▶ DIRECTIONS FOR THIS TASK: Please write out the listing exactly, leaving each picture out.

▶ DATA SECTION:
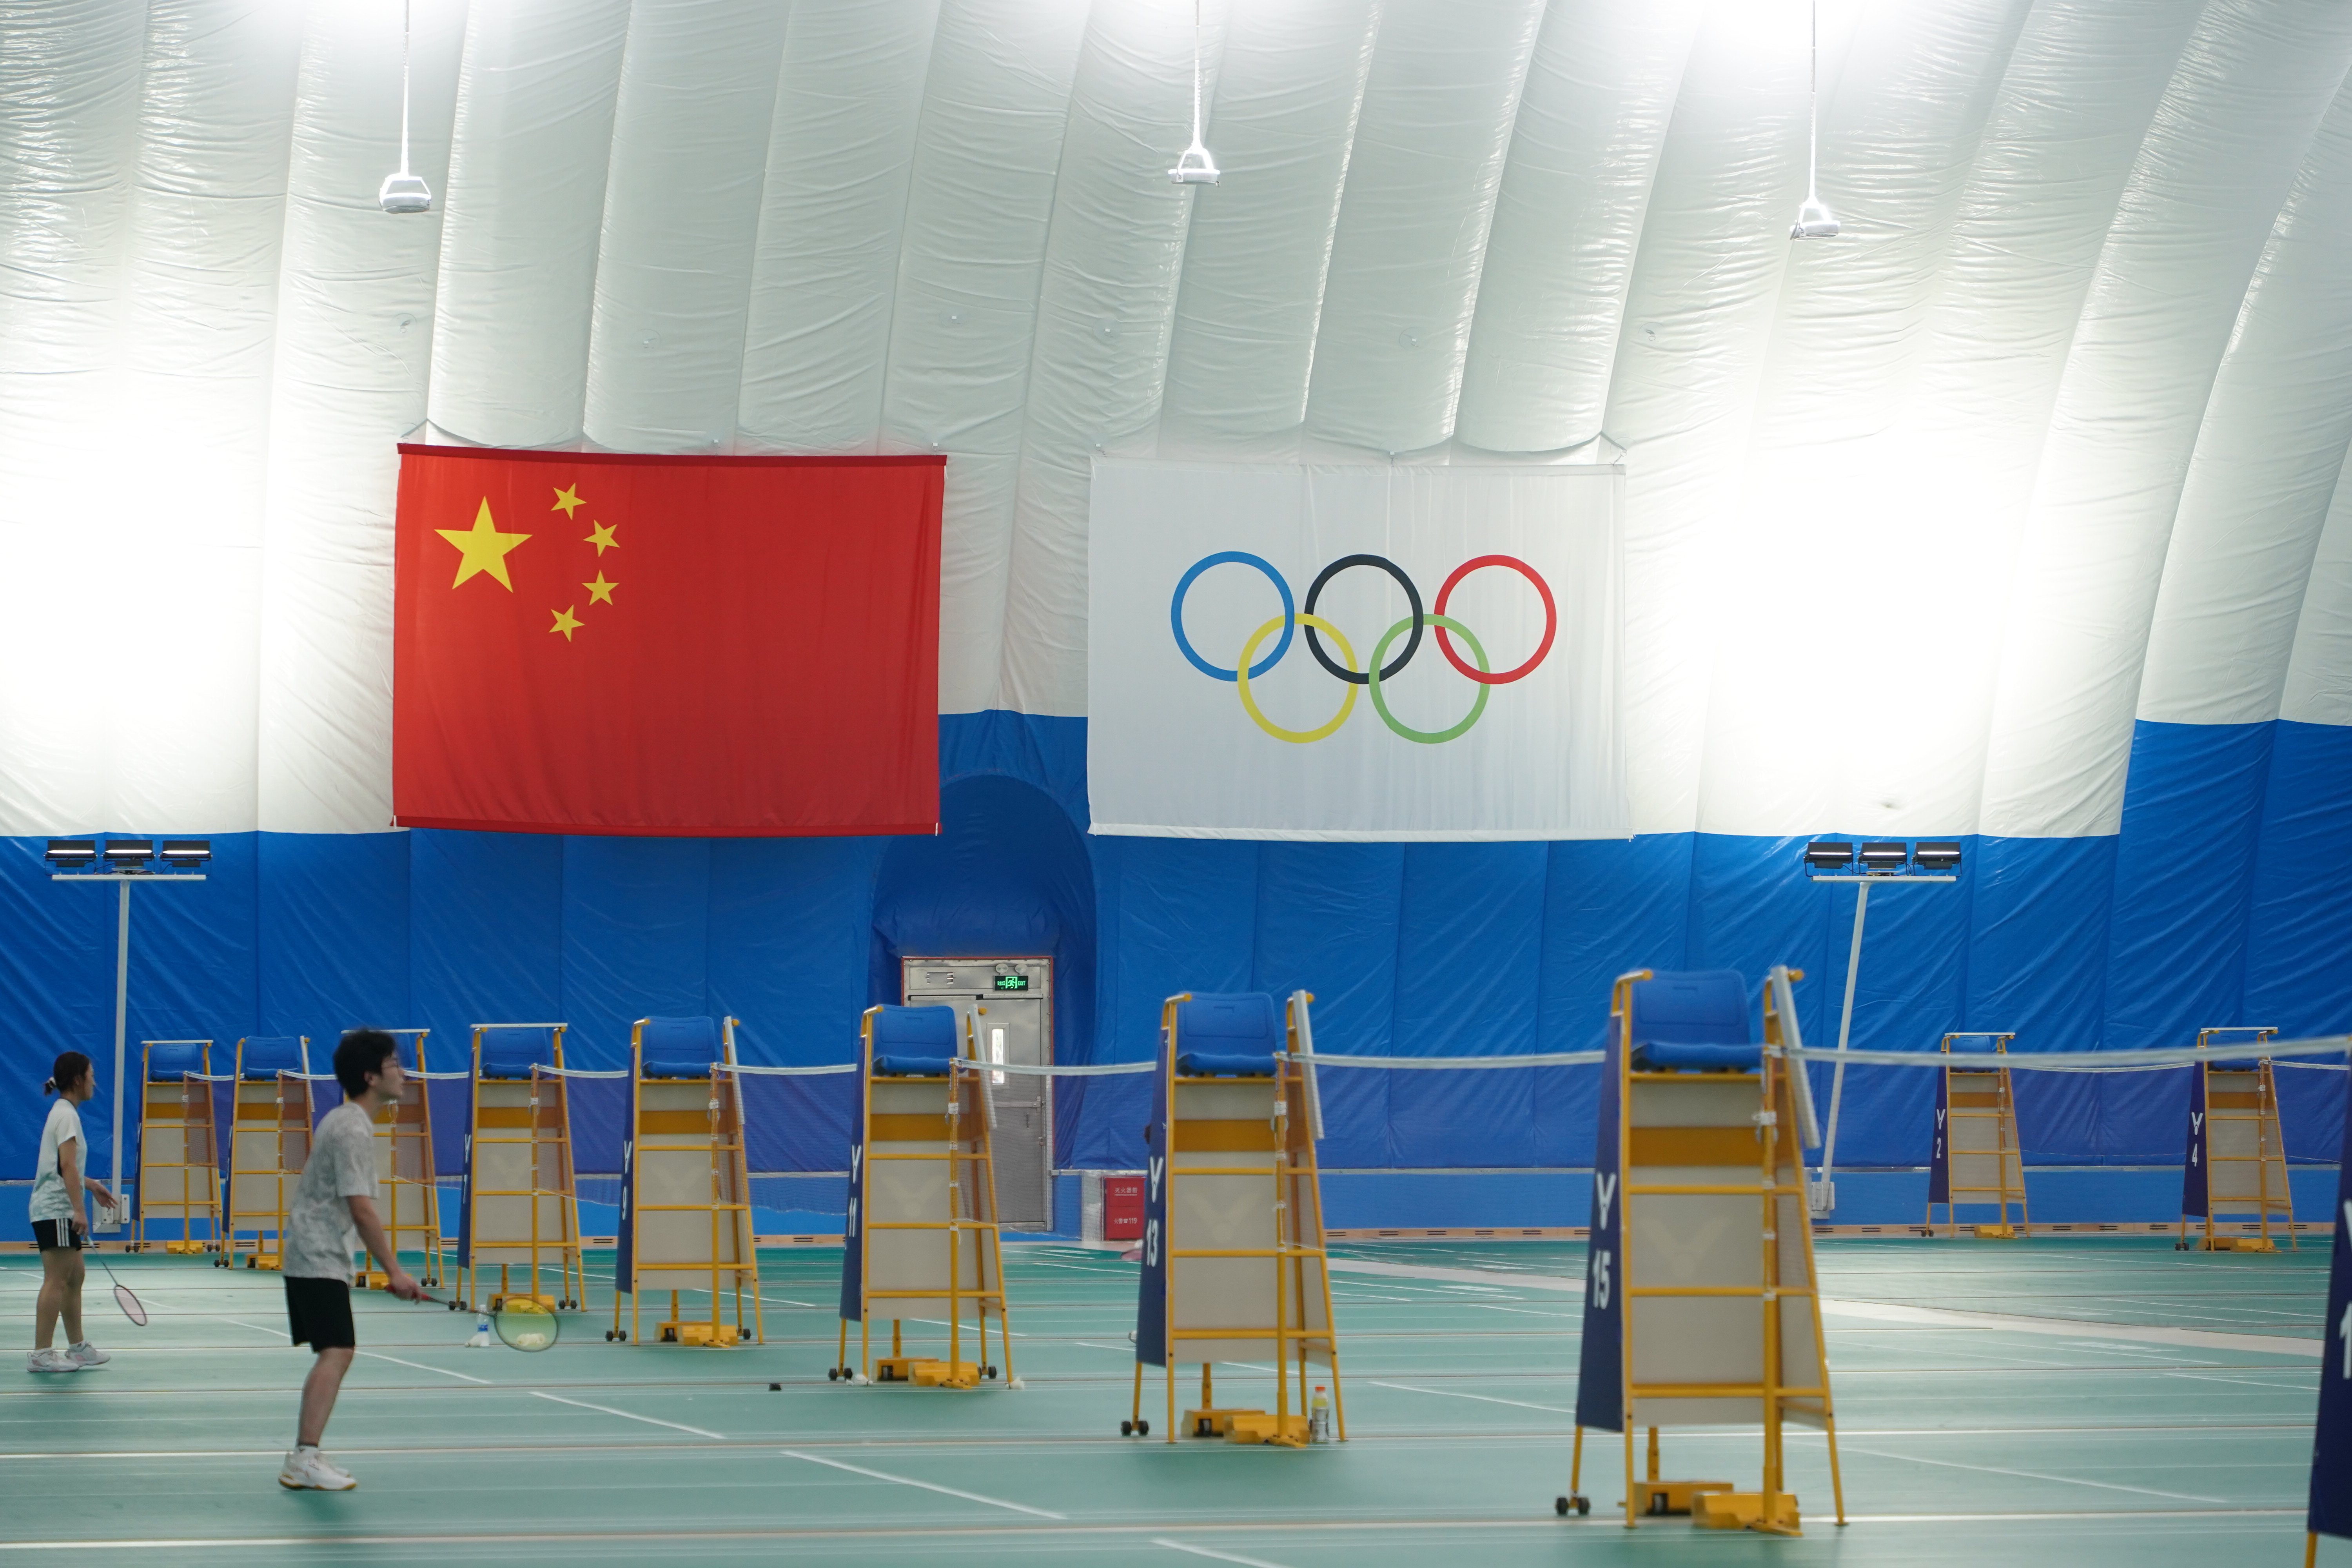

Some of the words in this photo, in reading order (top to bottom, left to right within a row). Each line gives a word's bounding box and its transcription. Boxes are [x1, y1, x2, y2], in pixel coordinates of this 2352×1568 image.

[1936, 1137, 1941, 1159] 2
[2192, 1143, 2198, 1167] 4
[622, 1185, 627, 1221] 9
[848, 1197, 857, 1238] 11
[1147, 1219, 1159, 1268] 13
[1592, 1248, 1611, 1310] 15

▶ THE ANSWER:
Some of the words in this photo, in reading order (top to bottom, left to right within a row). Each line gives a word's bounding box and its transcription. Boxes are [x1, y1, x2, y2], in pixel coordinates of this 2352×1568 image.

[1936, 1137, 1941, 1159] 2
[2192, 1143, 2198, 1167] 4
[622, 1185, 627, 1221] 9
[848, 1197, 857, 1238] 11
[1147, 1219, 1159, 1268] 13
[1592, 1248, 1611, 1310] 15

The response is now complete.